Topical minoxidil in alopecia areata: a double-blind trial

Abstract

Early reports of the success of topical minoxidil in alopecia areata have been followed by a mixture of enthusiasm and disappointment. Our double‐blind trial was prompted by remaining doubts about its effectiveness and safety. Fifty adult patients (22 male, 28 females) with longstanding alopecia areata (mean age at onset 20 years, mean duration 16 years) took part in the trial. The severity of their disease was categorised as universalis (23 patients), totalis (10), ophiasiform (6) and severe patchy alopecia (11). Thirty‐eight per cent had a personal history of atopy and 14% had circulating thyroid antibodies. For the first 2 months patients were randomly allocated to treatment wjth i % minoxidil in Unguentum Merck® or Unguentum Merck® alone.
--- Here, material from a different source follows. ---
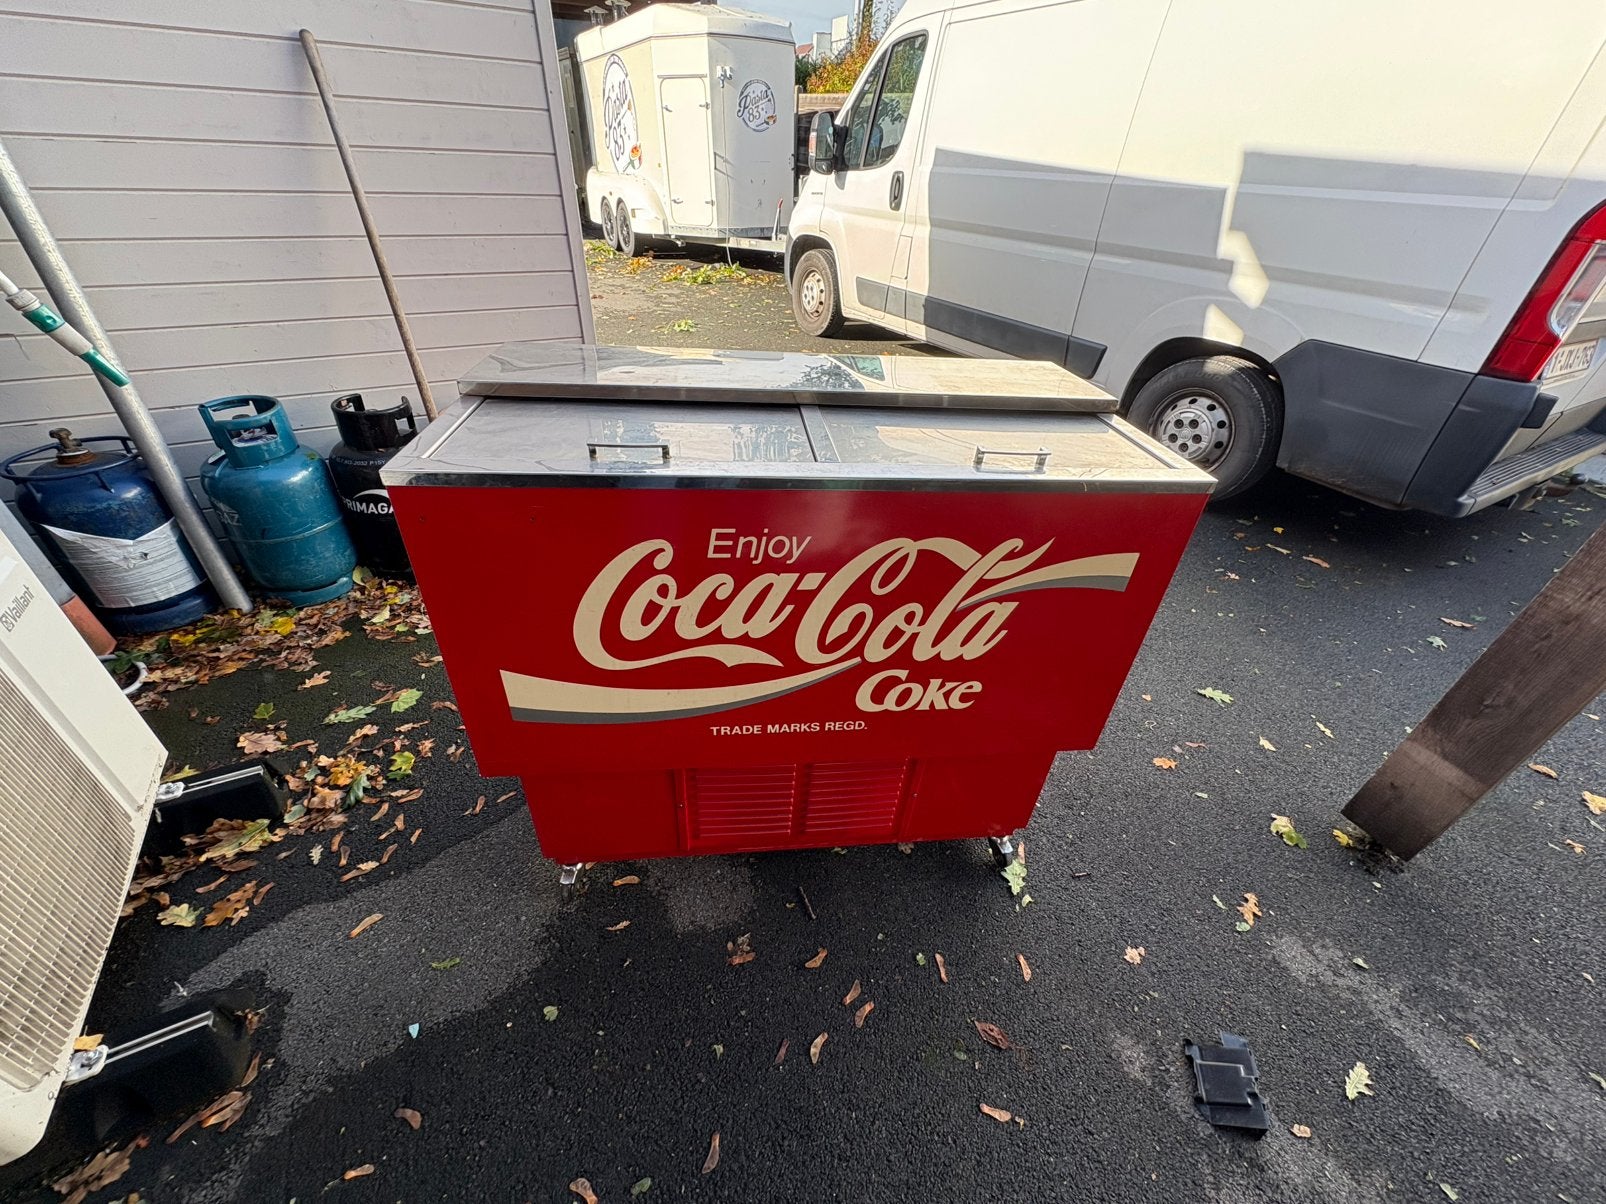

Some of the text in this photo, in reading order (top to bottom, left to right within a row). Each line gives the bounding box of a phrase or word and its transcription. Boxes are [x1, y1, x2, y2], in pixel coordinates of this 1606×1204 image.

At the end of this period the same treatment was continued if hair growth was observed; if not, the alternative treatment was used. After 4 months, if no hair growth had occurred, 1% minoxidil was prescribed. Forty‐eight patients were treated for at least 6 months, 46 for 10 months and 13 for longer periods. Equal proportions of the patients treated with minoxidil or with placebo experienced regrowth, but this was substantial only in seven patients and cosmetically acceptable in only two. No patient felt able to stop wearing a wig. Many patients disliked the greasy nature of the preparation. Patients with alopecia universalis had the highest prevalence of nail changes, and the worst response to treatment.